§ **Saved data entries**

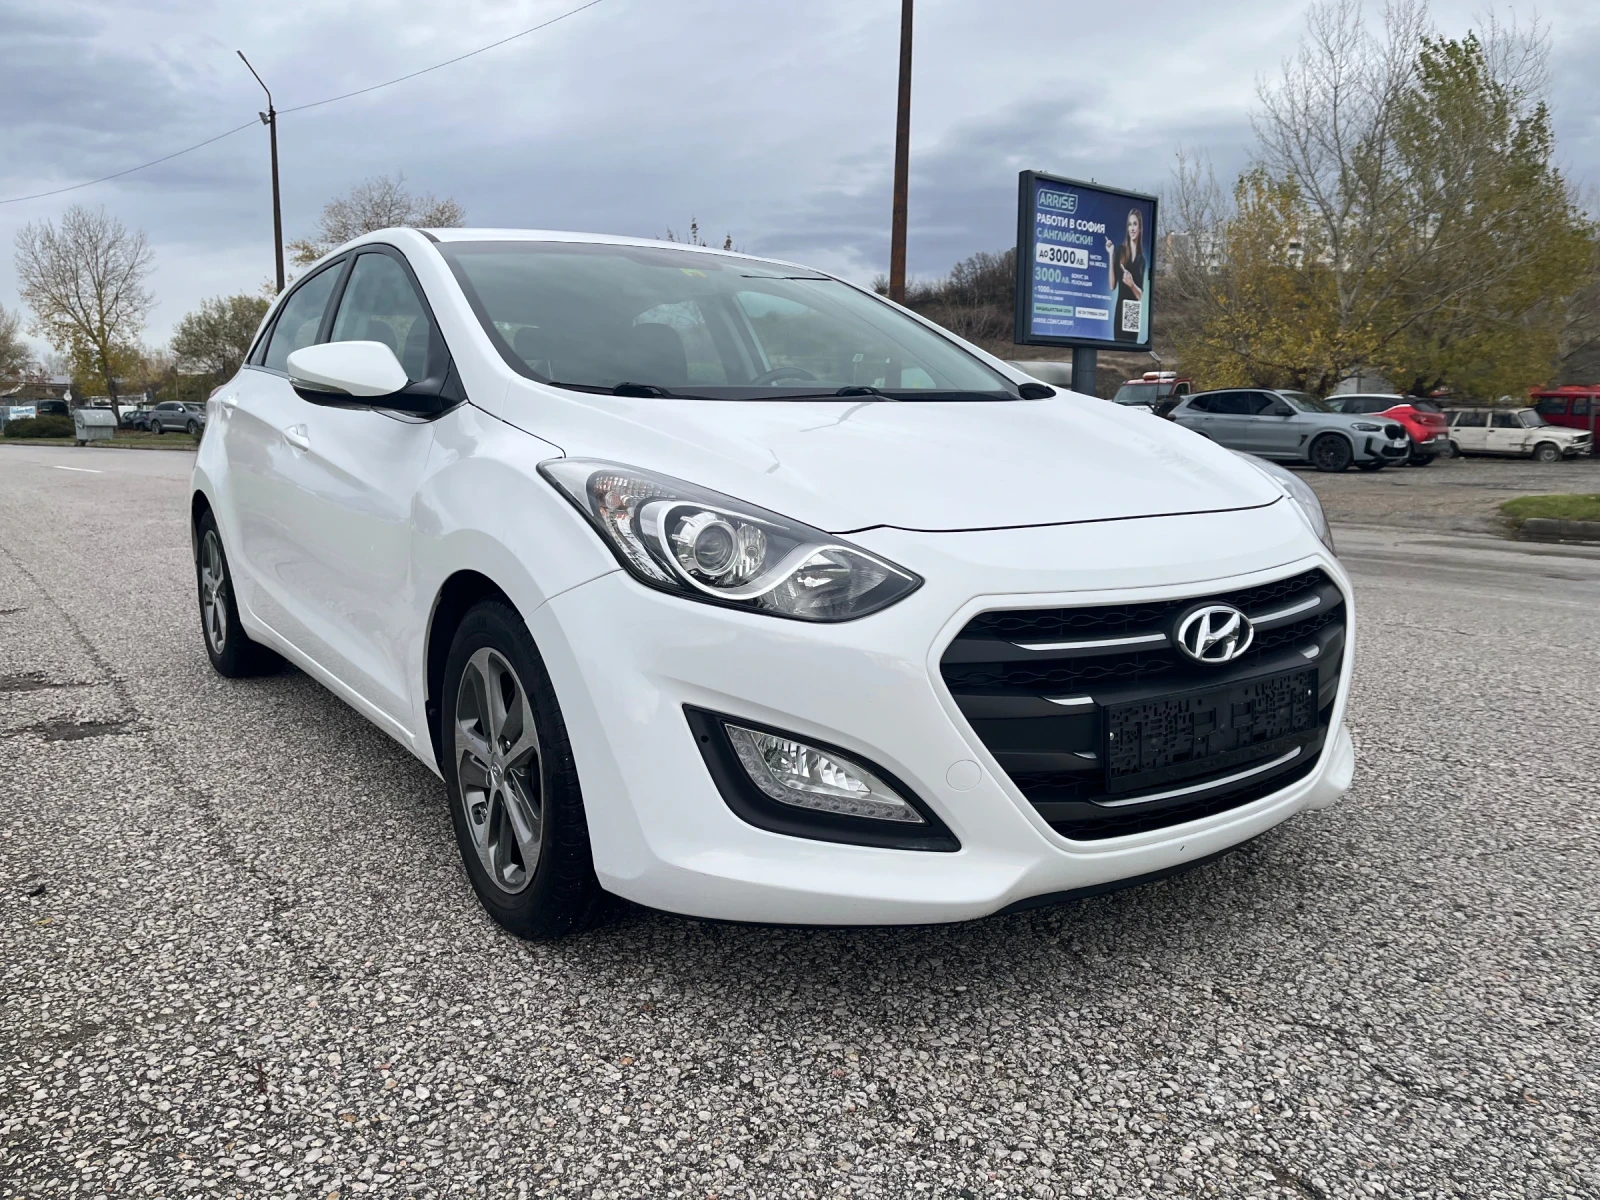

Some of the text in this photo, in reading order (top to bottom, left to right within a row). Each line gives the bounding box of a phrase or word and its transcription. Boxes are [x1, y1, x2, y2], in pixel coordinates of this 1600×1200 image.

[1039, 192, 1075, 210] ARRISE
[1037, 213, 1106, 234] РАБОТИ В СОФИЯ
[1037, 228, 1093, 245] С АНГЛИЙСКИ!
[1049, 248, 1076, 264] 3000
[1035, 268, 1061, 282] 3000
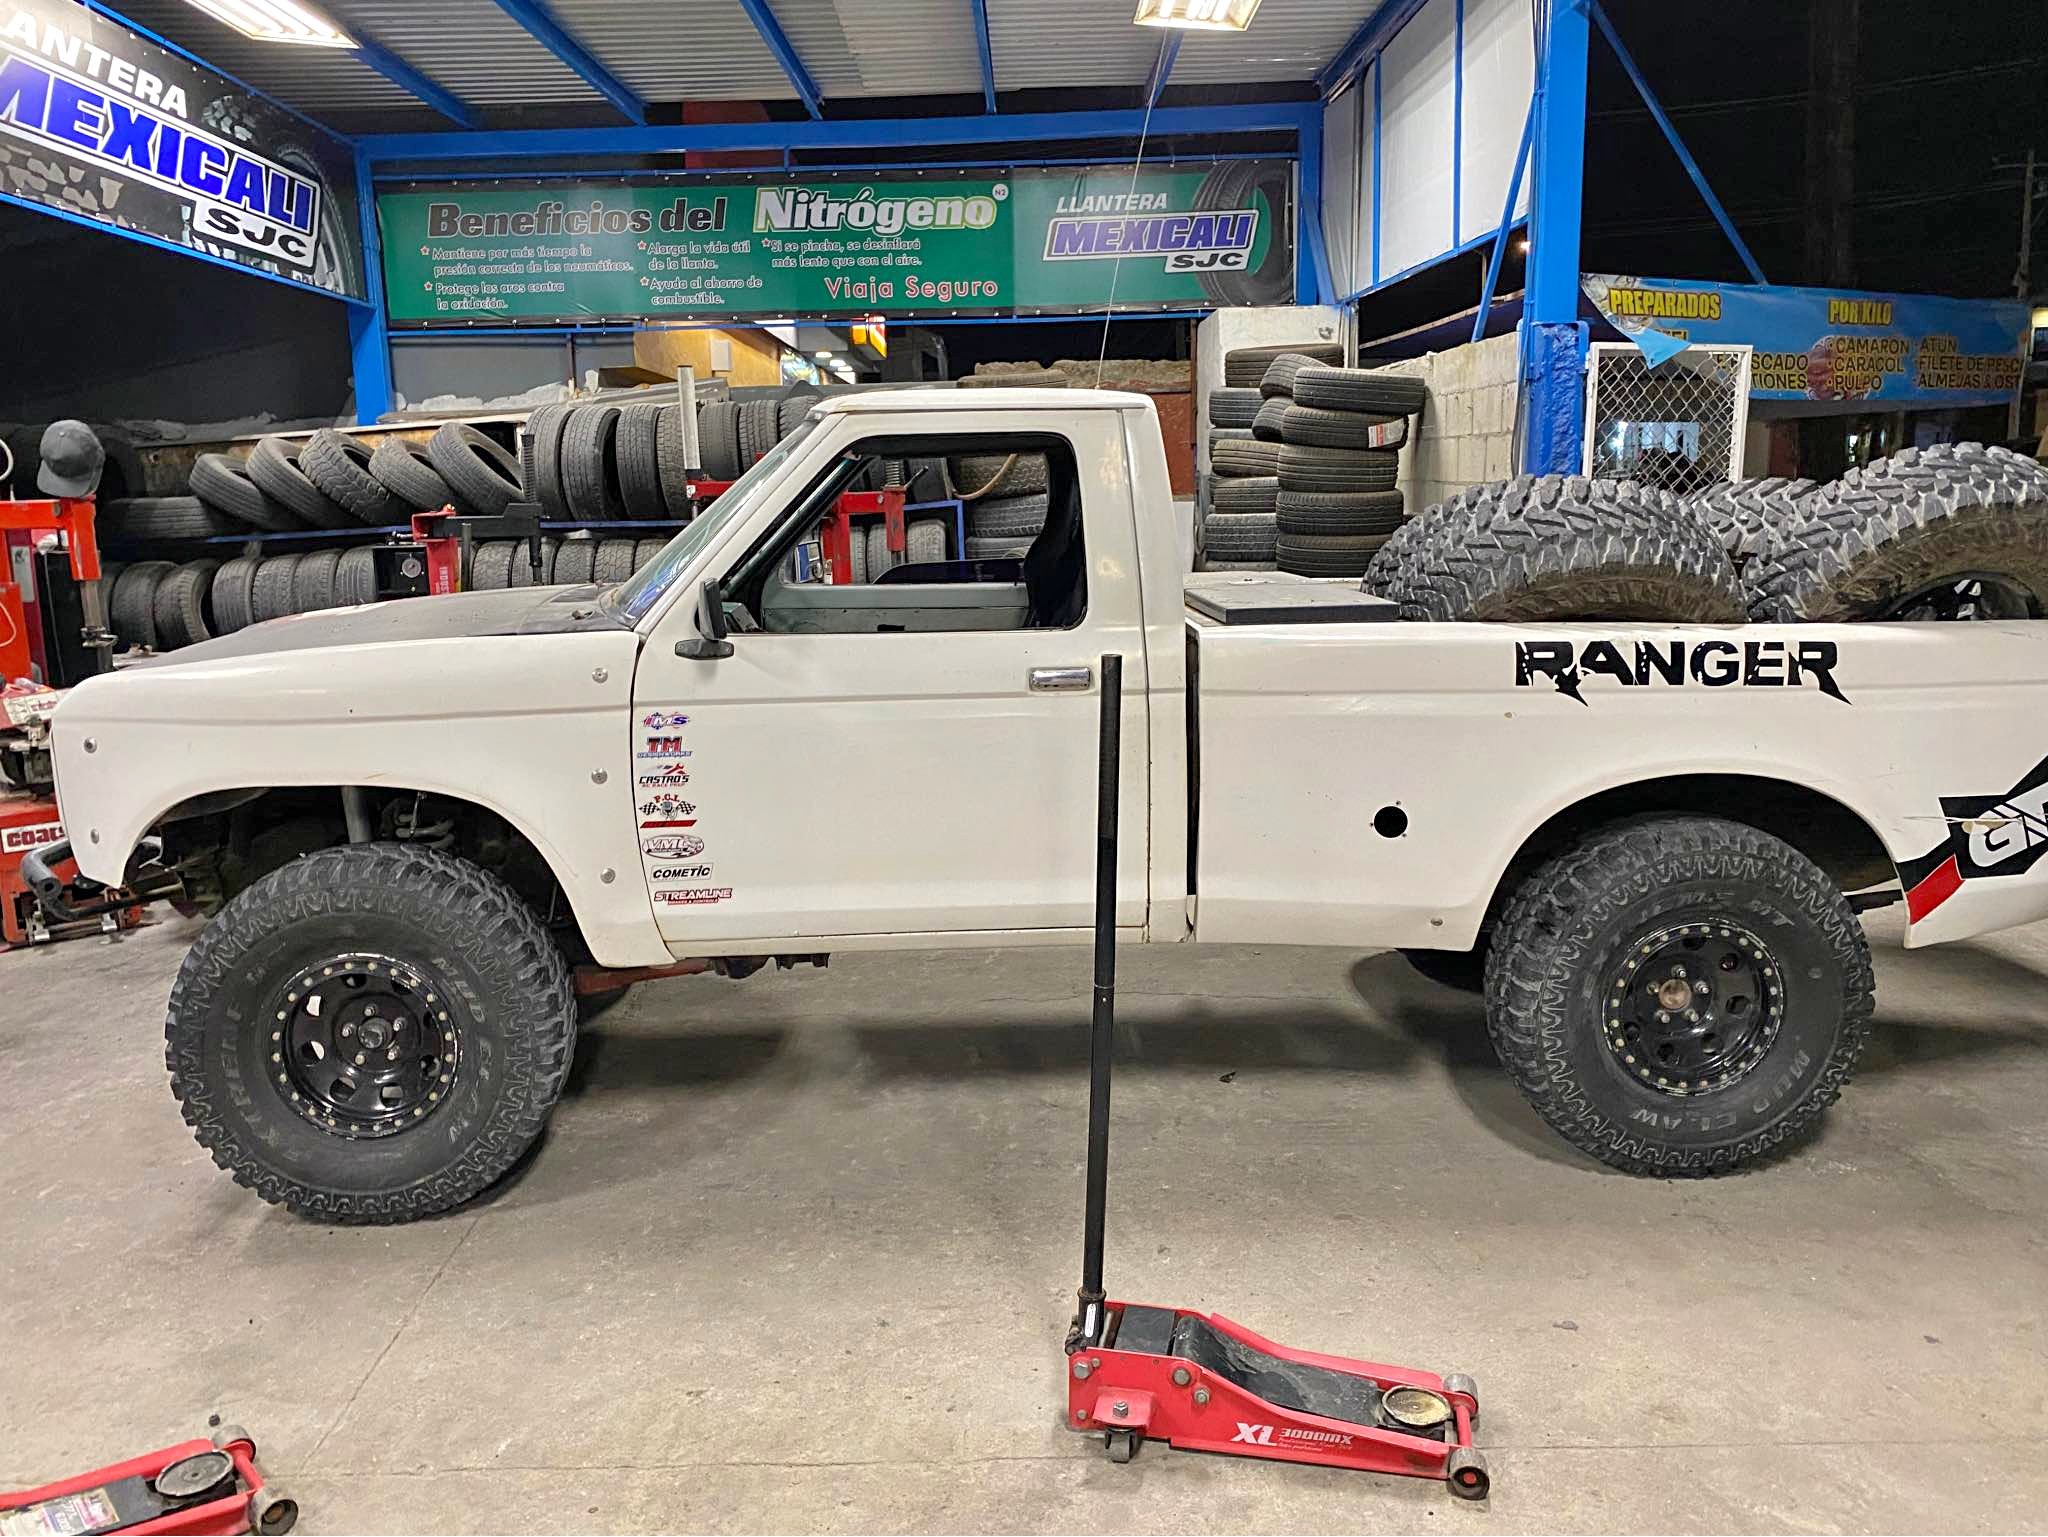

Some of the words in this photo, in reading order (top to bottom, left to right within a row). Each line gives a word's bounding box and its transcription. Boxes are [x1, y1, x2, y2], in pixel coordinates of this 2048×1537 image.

§ **TRY IT**
Without the pictures, write out every entry precisely as it appears.

§ **OUTPUT FOR THIS EXERCISE**
Some of the text in this photo, in reading order (top to bottom, left to right within a row). Each line gives the bounding box of a phrase or word and its transcription. Boxes are [x1, y1, x2, y2], in pixel coordinates of this 1600×1200 image.

[1039, 192, 1075, 210] ARRISE
[1037, 213, 1106, 234] РАБОТИ В СОФИЯ
[1037, 228, 1093, 245] С АНГЛИЙСКИ!
[1049, 248, 1076, 264] 3000
[1035, 268, 1061, 282] 3000

Some of the words in this photo, in reading order (top to bottom, left to right within a row). Each line gives a word's bounding box and its transcription. Boxes are [x1, y1, x2, y2], in pixel coordinates of this 2048×1537 image.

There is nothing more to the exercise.